Task statement:
Would you transcribe each entry that follows word for word, minus the images?

Given records:

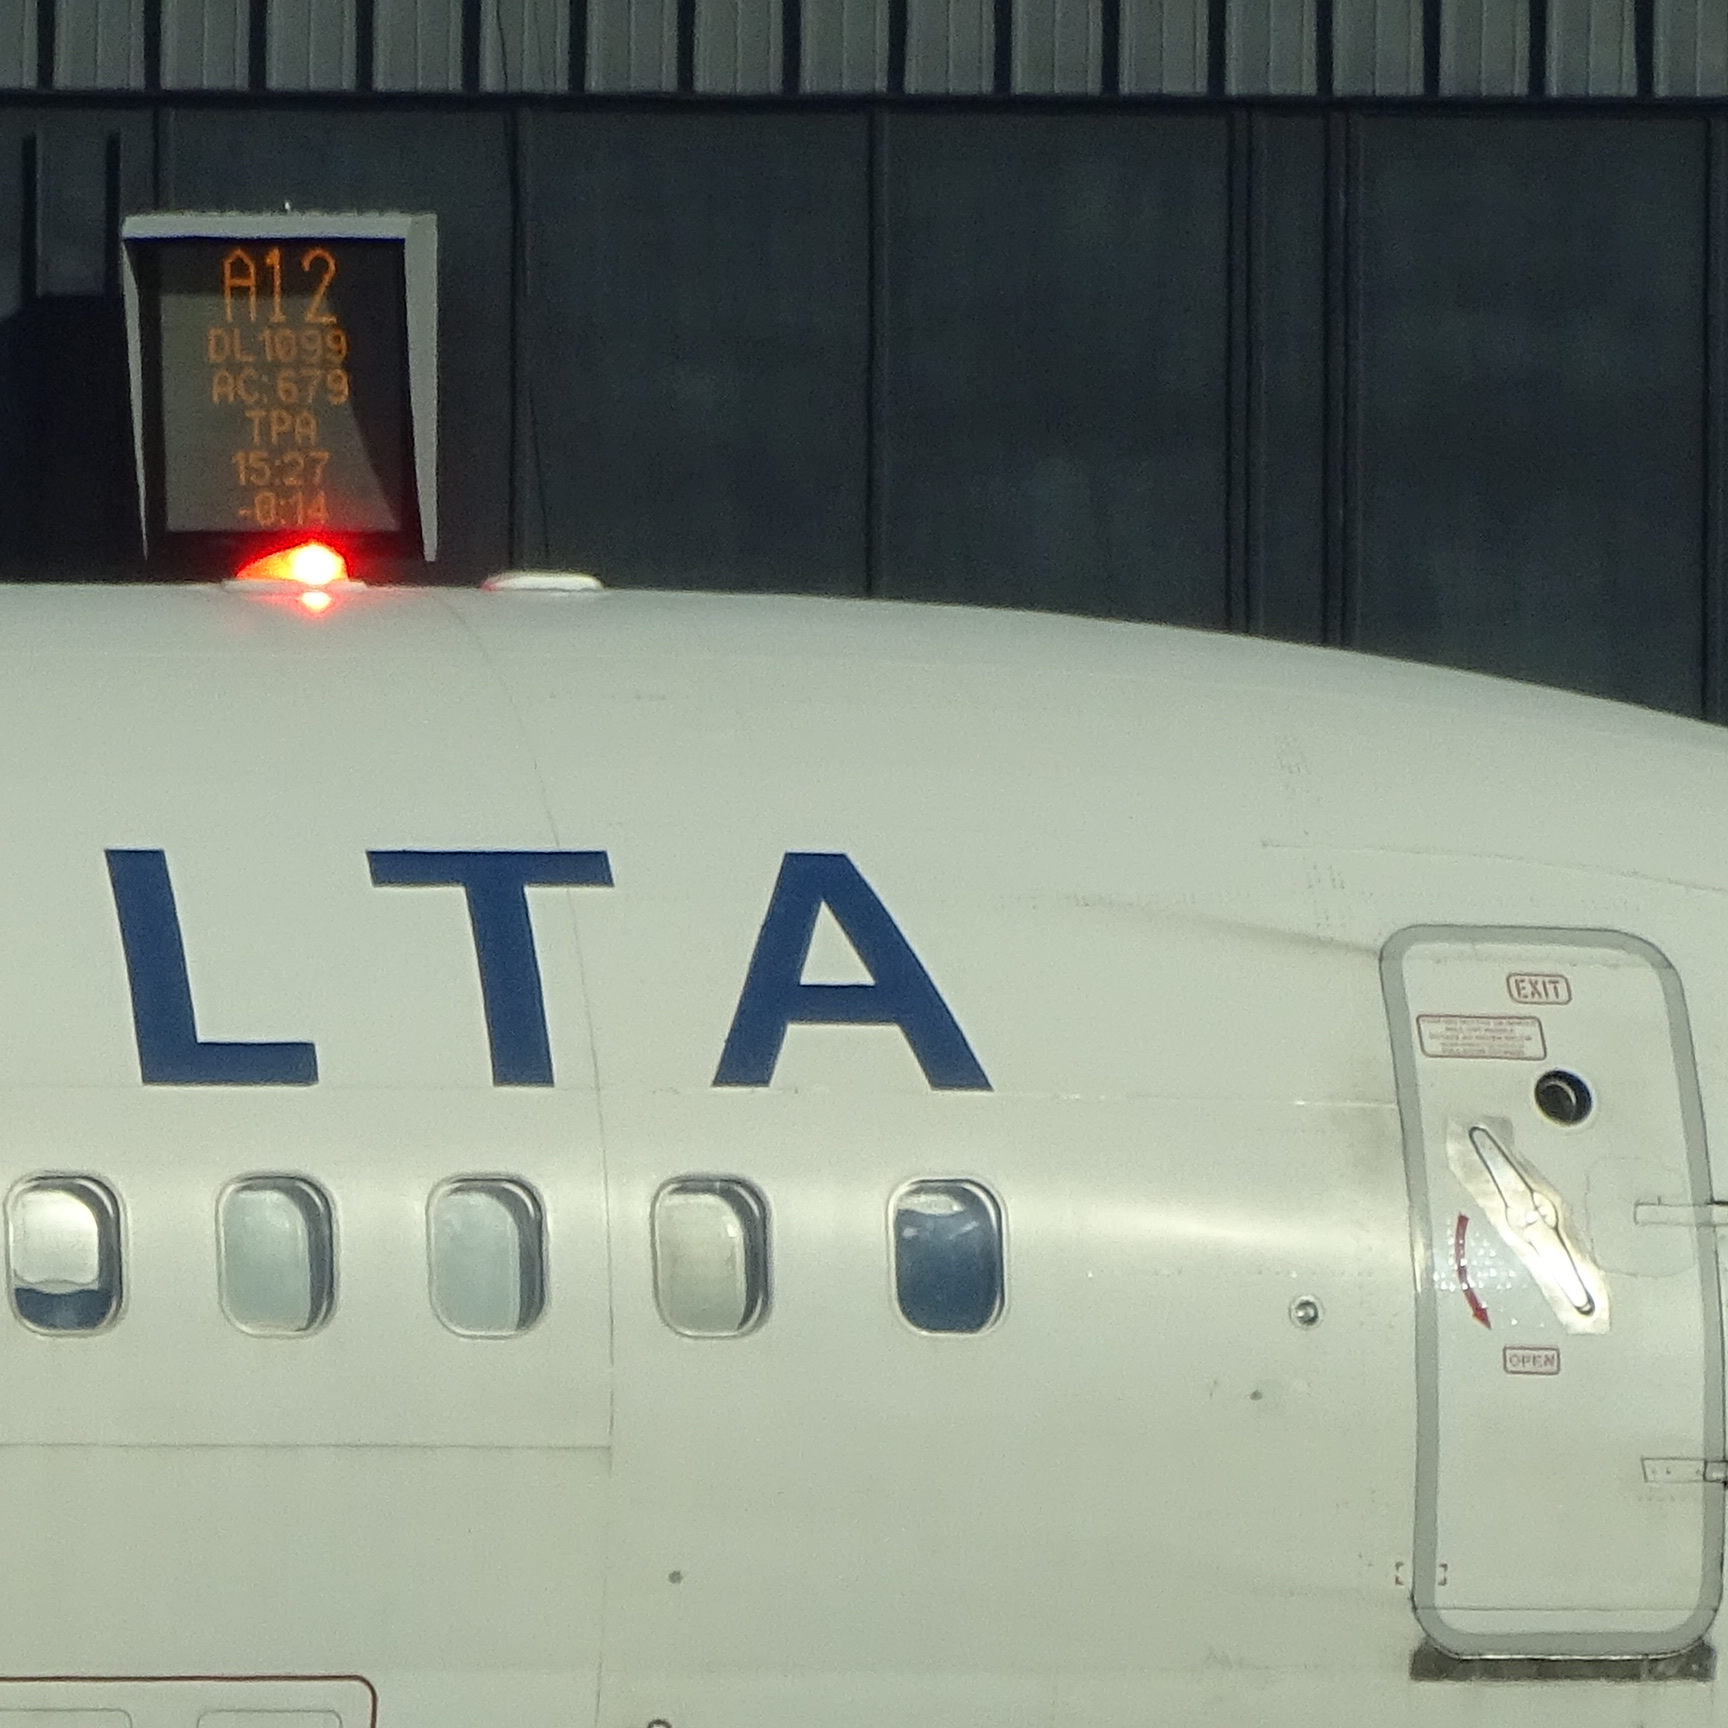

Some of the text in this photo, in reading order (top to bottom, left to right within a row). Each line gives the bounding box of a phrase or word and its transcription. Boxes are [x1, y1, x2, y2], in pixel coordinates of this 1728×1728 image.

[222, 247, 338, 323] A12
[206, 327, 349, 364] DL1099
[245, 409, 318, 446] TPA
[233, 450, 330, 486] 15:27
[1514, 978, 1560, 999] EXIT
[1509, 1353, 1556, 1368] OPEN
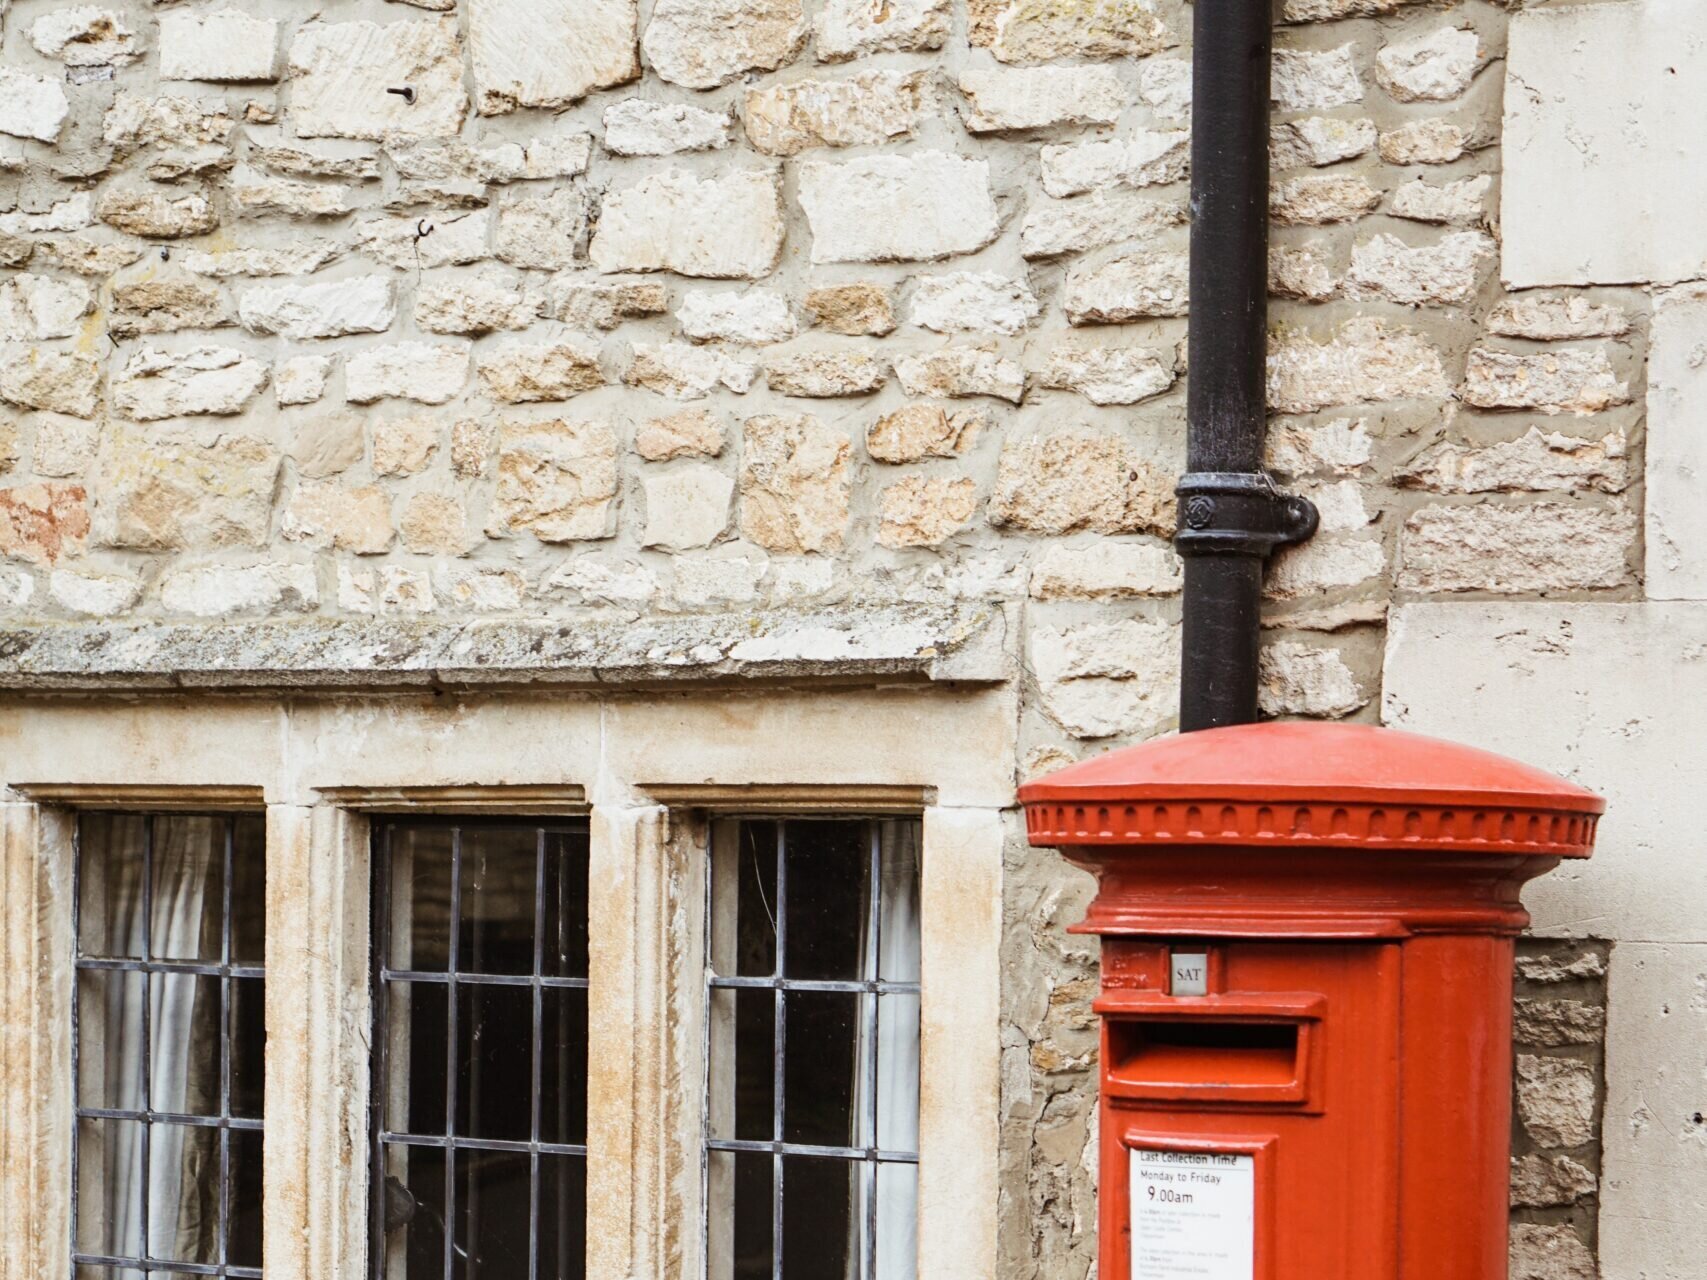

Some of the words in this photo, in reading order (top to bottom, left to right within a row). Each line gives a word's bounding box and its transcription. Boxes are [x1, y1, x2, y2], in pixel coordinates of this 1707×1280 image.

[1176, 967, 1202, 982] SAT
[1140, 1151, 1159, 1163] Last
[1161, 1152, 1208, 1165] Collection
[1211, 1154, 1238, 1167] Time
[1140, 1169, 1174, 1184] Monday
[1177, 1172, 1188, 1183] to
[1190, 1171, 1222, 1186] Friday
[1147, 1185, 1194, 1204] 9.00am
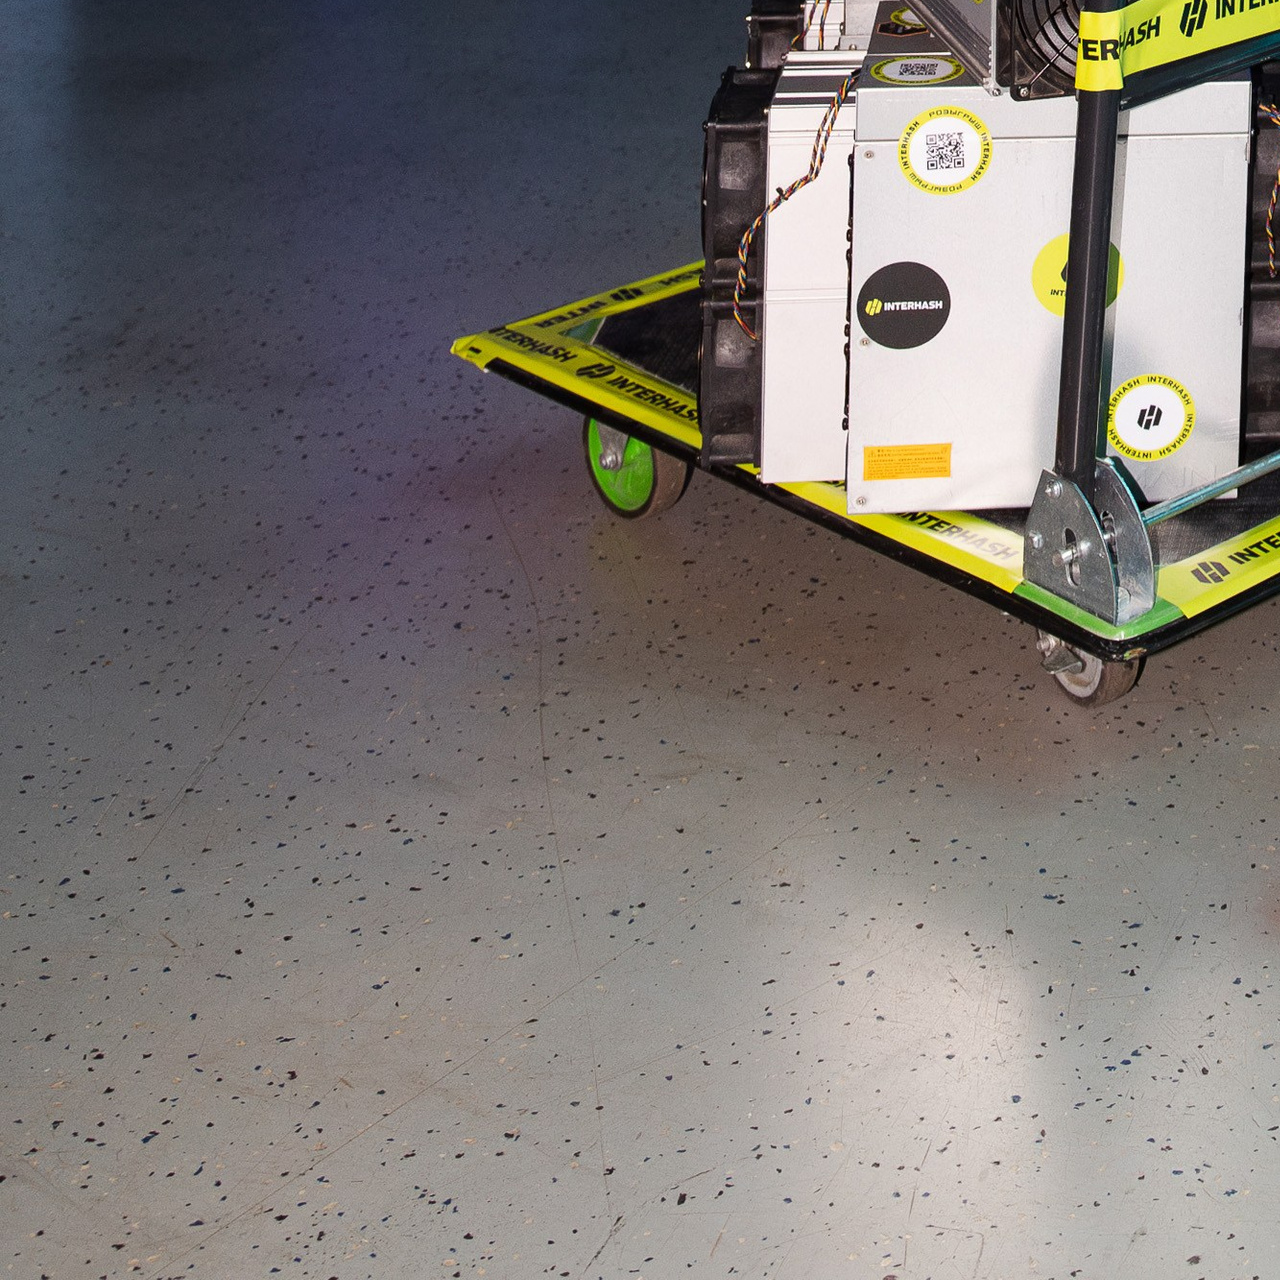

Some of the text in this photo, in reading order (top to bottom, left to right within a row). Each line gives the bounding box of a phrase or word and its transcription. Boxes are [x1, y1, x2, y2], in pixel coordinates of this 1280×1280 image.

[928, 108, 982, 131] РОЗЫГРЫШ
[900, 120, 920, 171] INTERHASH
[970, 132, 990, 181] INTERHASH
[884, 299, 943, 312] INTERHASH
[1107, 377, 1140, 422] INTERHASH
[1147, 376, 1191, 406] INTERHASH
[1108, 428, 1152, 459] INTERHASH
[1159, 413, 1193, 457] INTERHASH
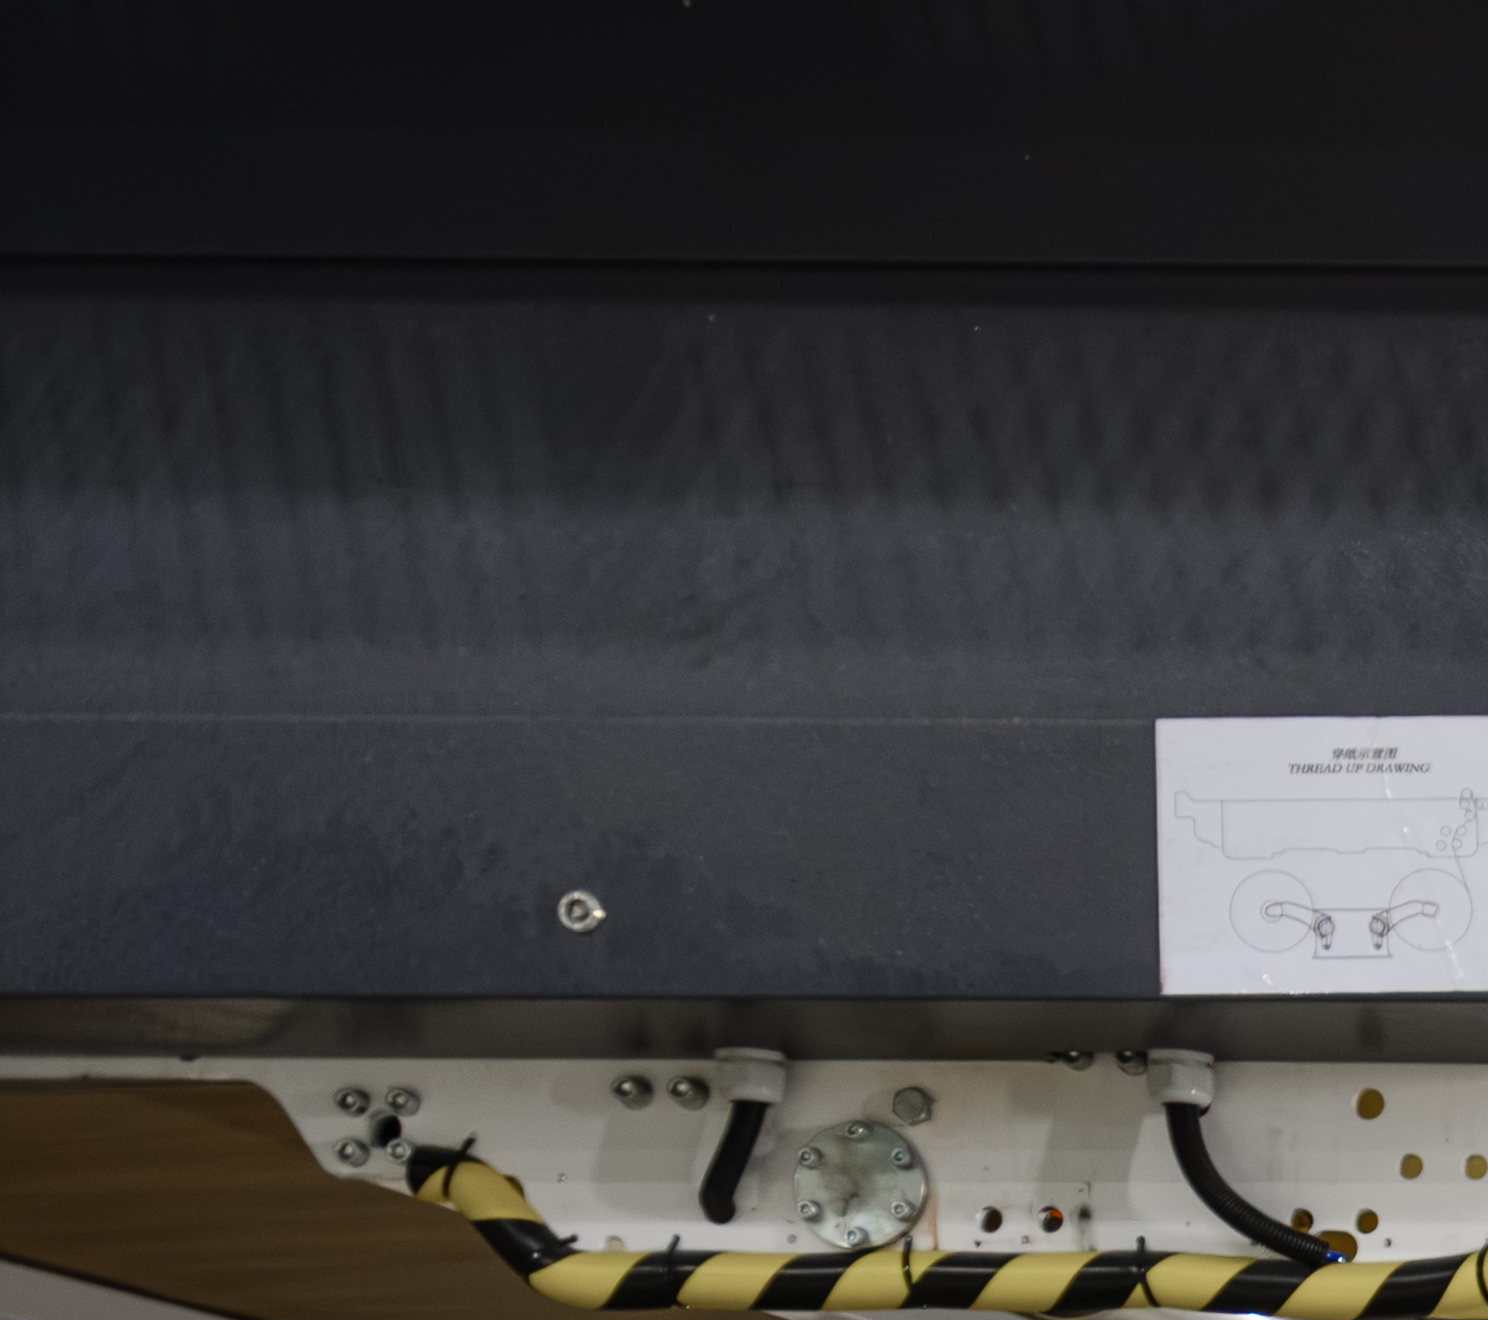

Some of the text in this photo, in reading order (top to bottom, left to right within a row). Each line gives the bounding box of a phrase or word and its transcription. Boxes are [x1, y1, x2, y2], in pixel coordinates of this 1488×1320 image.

Response area:
Some of the text in this photo, in reading order (top to bottom, left to right within a row). Each line gives the bounding box of a phrase or word and its transcription. Boxes are [x1, y1, x2, y2], in pixel coordinates of this 1728×1728 image.

[222, 247, 338, 323] A12
[206, 327, 349, 364] DL1099
[245, 409, 318, 446] TPA
[233, 450, 330, 486] 15:27
[1514, 978, 1560, 999] EXIT
[1509, 1353, 1556, 1368] OPEN

Some of the words in this photo, in reading order (top to bottom, left to right within a row). Each line gives a word's bounding box and its transcription. Boxes are [x1, y1, x2, y2], in pixel coordinates of this 1707×1280 image.

[1176, 967, 1202, 982] SAT
[1140, 1151, 1159, 1163] Last
[1161, 1152, 1208, 1165] Collection
[1211, 1154, 1238, 1167] Time
[1140, 1169, 1174, 1184] Monday
[1177, 1172, 1188, 1183] to
[1190, 1171, 1222, 1186] Friday
[1147, 1185, 1194, 1204] 9.00am

Some of the text in this photo, in reading order (top to bottom, left to right within a row). Each line gives the bounding box of a phrase or word and its transcription. Boxes are [x1, y1, x2, y2], in pixel coordinates of this 1280×1280 image.

[928, 108, 982, 131] РОЗЫГРЫШ
[900, 120, 920, 171] INTERHASH
[970, 132, 990, 181] INTERHASH
[884, 299, 943, 312] INTERHASH
[1107, 377, 1140, 422] INTERHASH
[1147, 376, 1191, 406] INTERHASH
[1108, 428, 1152, 459] INTERHASH
[1159, 413, 1193, 457] INTERHASH

Some of the text in this photo, in reading order (top to bottom, left to right within a row). Each line gives the bounding box of a phrase or word and its transcription. Boxes are [x1, y1, x2, y2], in pixel coordinates of this 1488×1320 image.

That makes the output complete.